▶ _Exercise_
Reproduce the following records exactly from the line containing "this 2000×1334 image." onward, ending with the last line and including it.

(Raw data Opens)

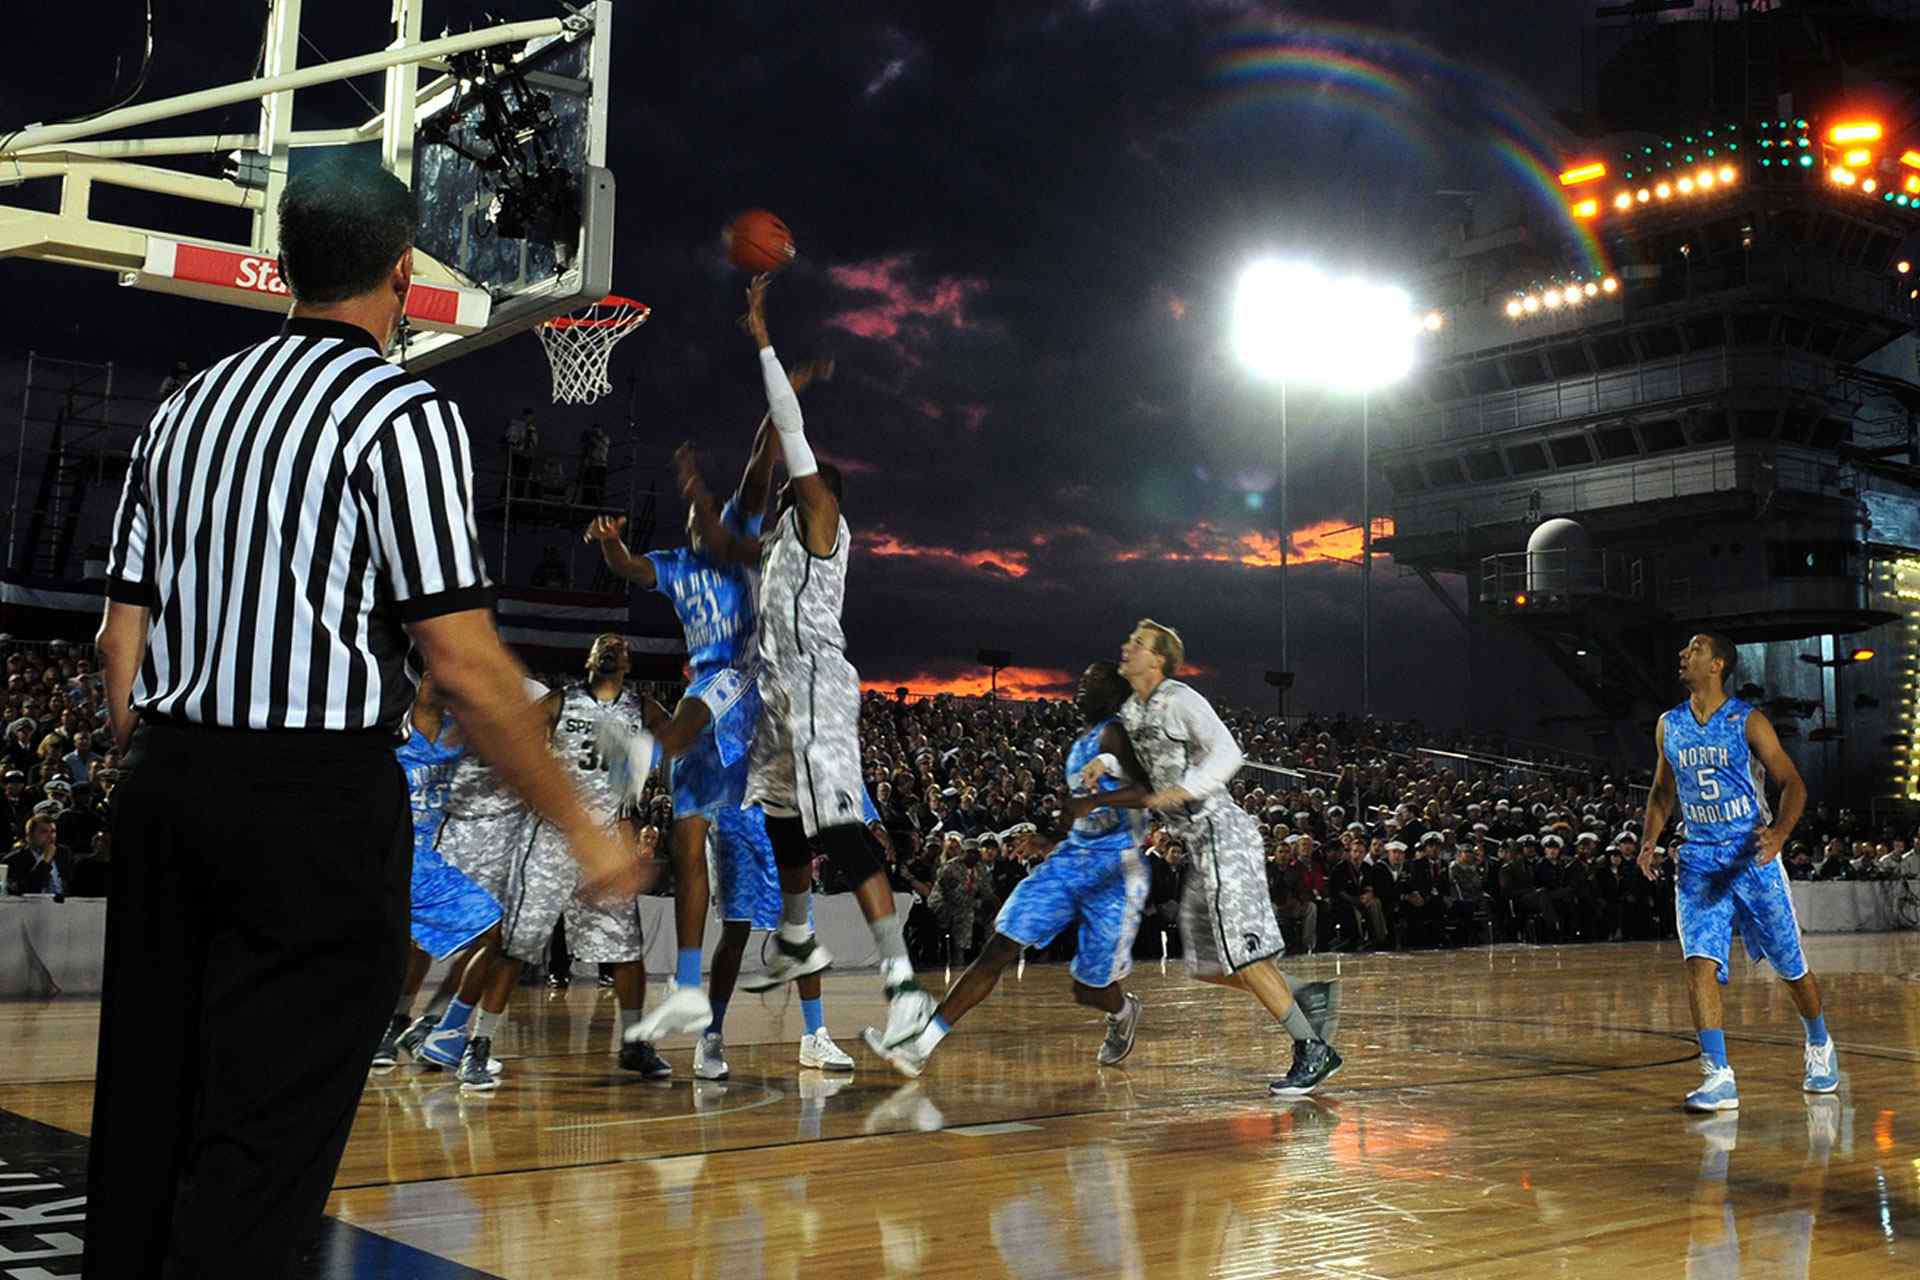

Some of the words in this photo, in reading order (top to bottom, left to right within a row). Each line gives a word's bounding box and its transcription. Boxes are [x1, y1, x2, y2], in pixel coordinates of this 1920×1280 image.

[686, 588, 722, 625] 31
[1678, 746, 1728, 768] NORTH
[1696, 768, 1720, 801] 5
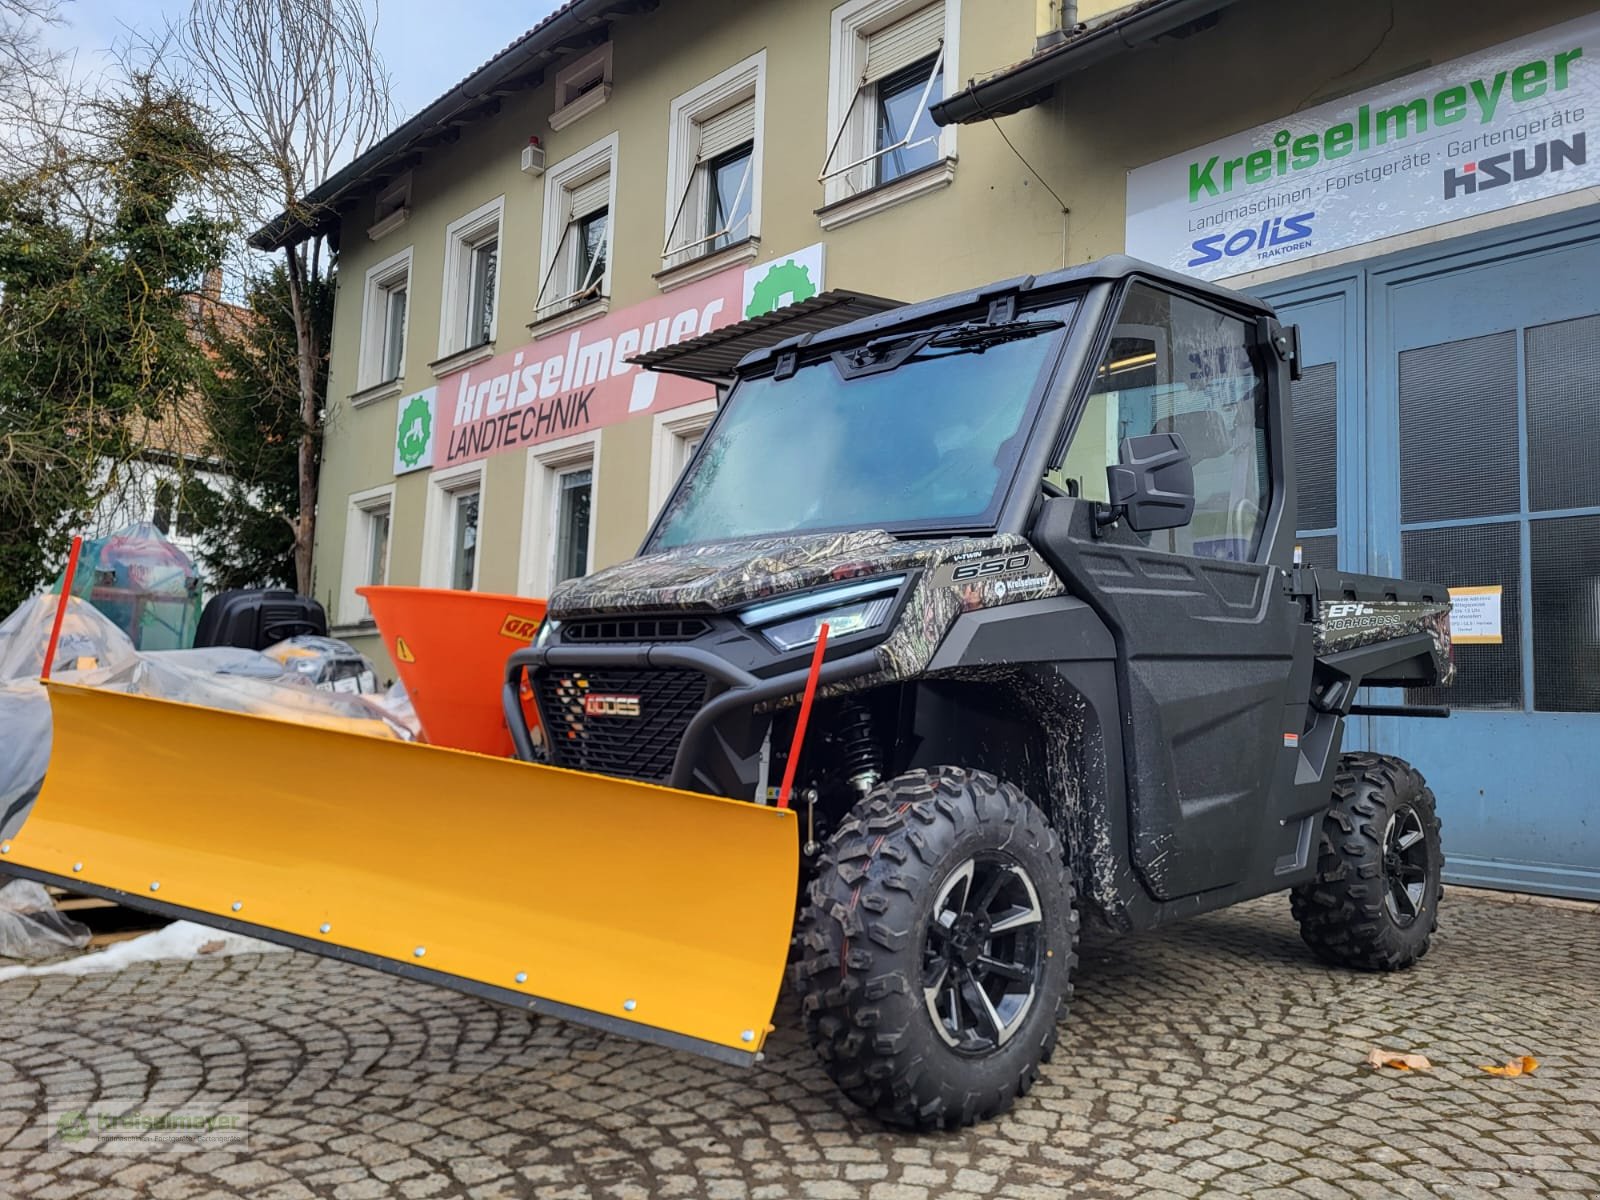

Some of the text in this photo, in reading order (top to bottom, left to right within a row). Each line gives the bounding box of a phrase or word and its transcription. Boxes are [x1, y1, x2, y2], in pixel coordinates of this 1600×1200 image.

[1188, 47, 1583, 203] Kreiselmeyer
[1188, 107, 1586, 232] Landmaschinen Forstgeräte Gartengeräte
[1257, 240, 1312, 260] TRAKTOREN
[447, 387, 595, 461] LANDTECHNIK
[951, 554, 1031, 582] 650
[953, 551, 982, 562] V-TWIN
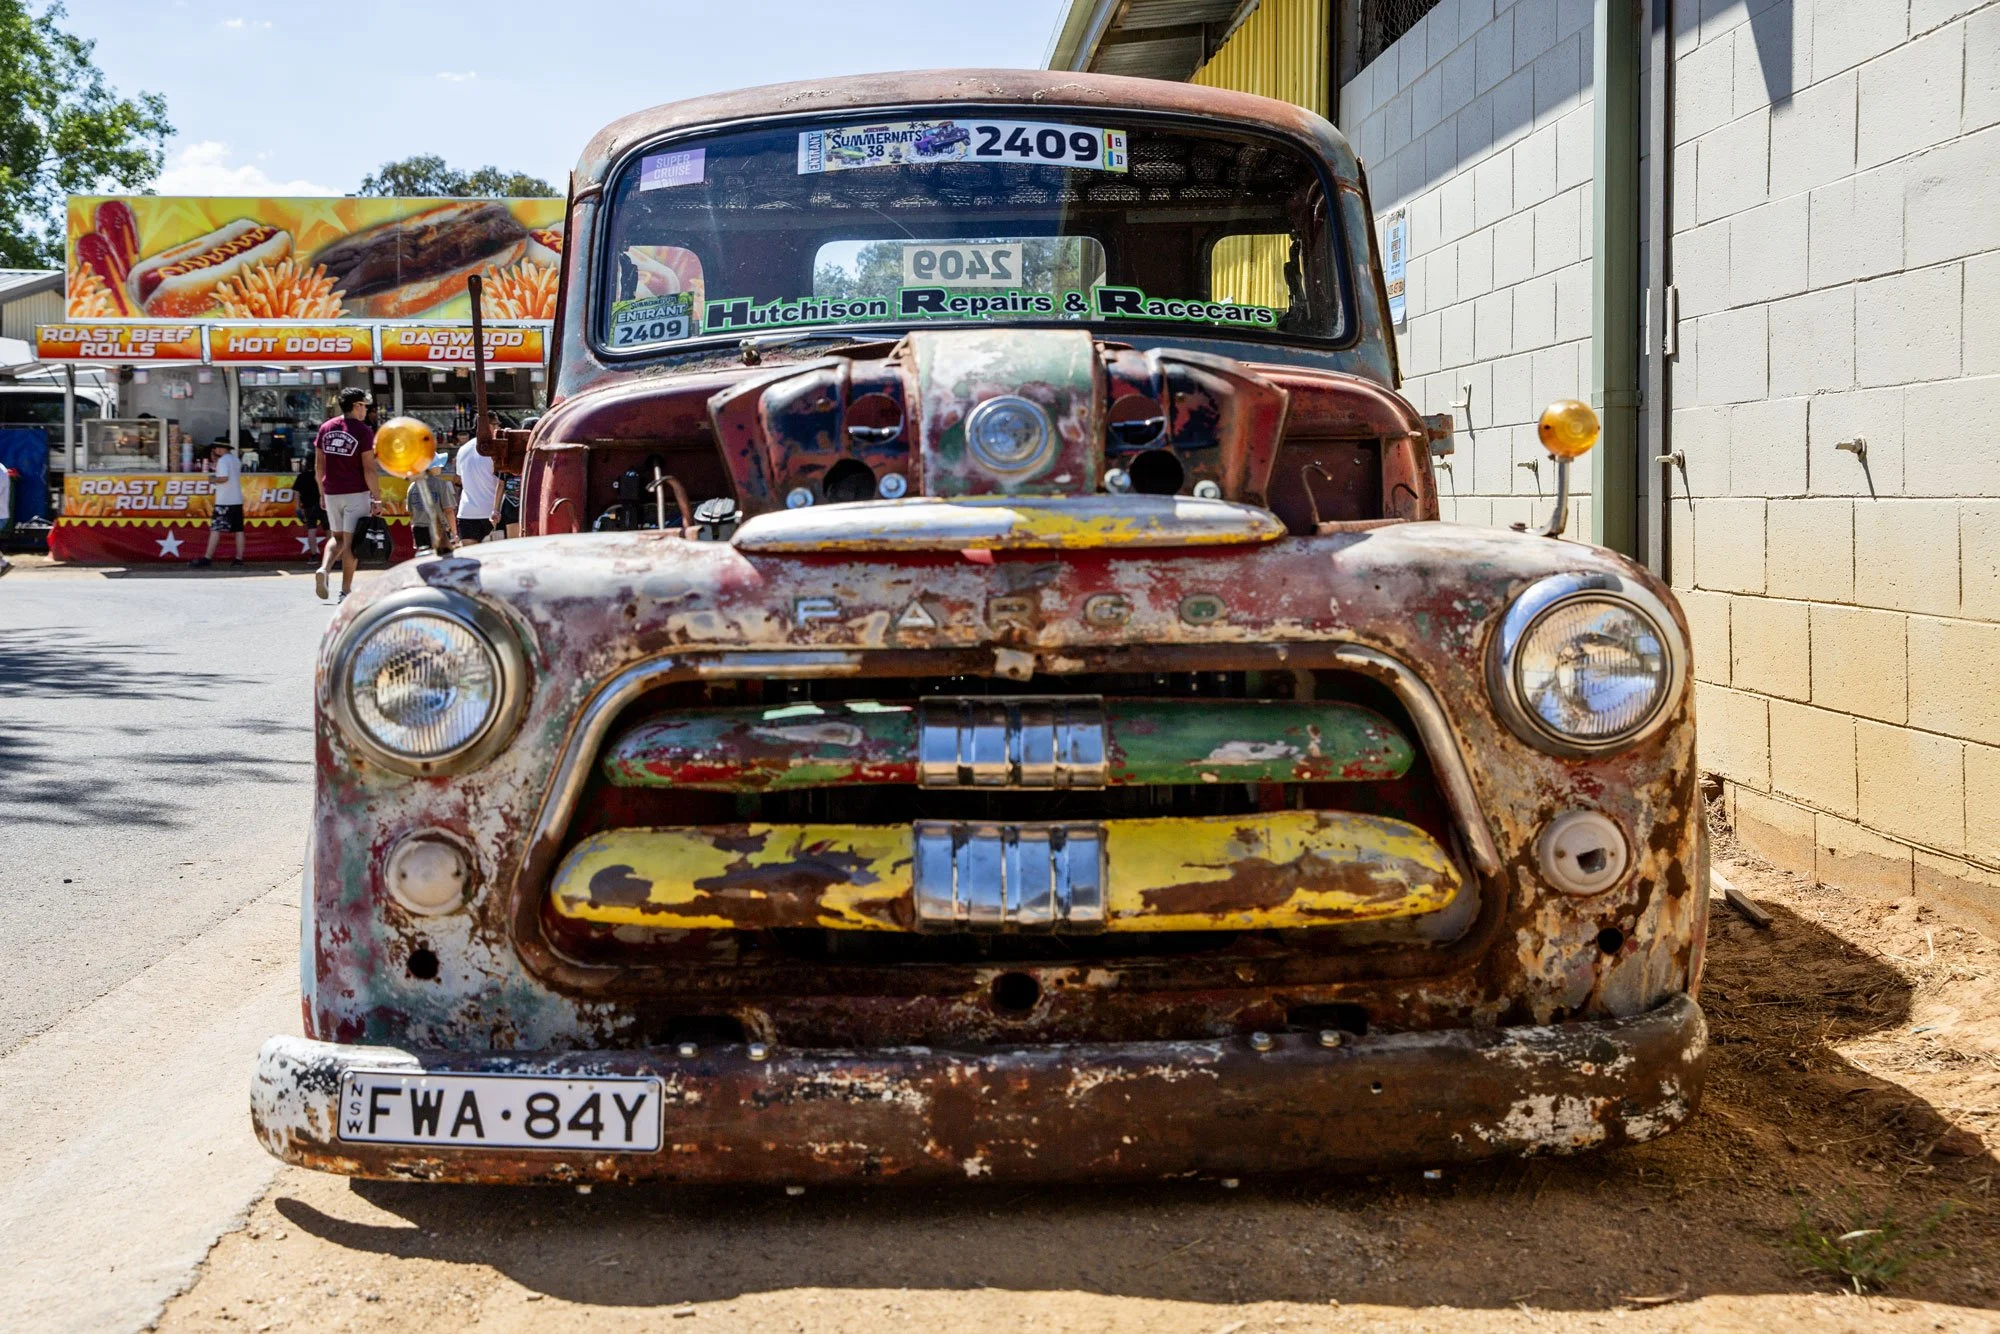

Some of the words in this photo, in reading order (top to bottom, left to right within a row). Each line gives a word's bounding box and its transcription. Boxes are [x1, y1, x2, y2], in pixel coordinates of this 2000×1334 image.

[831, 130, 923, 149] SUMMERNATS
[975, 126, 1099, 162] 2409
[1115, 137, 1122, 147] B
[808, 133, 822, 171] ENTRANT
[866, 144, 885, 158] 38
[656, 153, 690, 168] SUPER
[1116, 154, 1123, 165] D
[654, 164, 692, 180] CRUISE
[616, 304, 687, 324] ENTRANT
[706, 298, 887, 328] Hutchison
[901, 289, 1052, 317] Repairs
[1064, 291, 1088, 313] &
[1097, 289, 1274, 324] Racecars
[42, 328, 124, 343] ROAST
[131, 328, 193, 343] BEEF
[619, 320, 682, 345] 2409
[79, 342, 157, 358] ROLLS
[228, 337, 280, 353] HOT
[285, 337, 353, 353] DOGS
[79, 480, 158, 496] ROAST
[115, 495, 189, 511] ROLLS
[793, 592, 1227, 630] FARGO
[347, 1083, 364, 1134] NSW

(Raw data Closes)

▶ _Task result_
Some of the words in this photo, in reading order (top to bottom, left to right within a row). Each line gives a word's bounding box and its transcription. Boxes are [x1, y1, x2, y2], in pixel coordinates of this 2000×1334 image.

[831, 130, 923, 149] SUMMERNATS
[975, 126, 1099, 162] 2409
[1115, 137, 1122, 147] B
[808, 133, 822, 171] ENTRANT
[866, 144, 885, 158] 38
[656, 153, 690, 168] SUPER
[1116, 154, 1123, 165] D
[654, 164, 692, 180] CRUISE
[616, 304, 687, 324] ENTRANT
[706, 298, 887, 328] Hutchison
[901, 289, 1052, 317] Repairs
[1064, 291, 1088, 313] &
[1097, 289, 1274, 324] Racecars
[42, 328, 124, 343] ROAST
[131, 328, 193, 343] BEEF
[619, 320, 682, 345] 2409
[79, 342, 157, 358] ROLLS
[228, 337, 280, 353] HOT
[285, 337, 353, 353] DOGS
[79, 480, 158, 496] ROAST
[115, 495, 189, 511] ROLLS
[793, 592, 1227, 630] FARGO
[347, 1083, 364, 1134] NSW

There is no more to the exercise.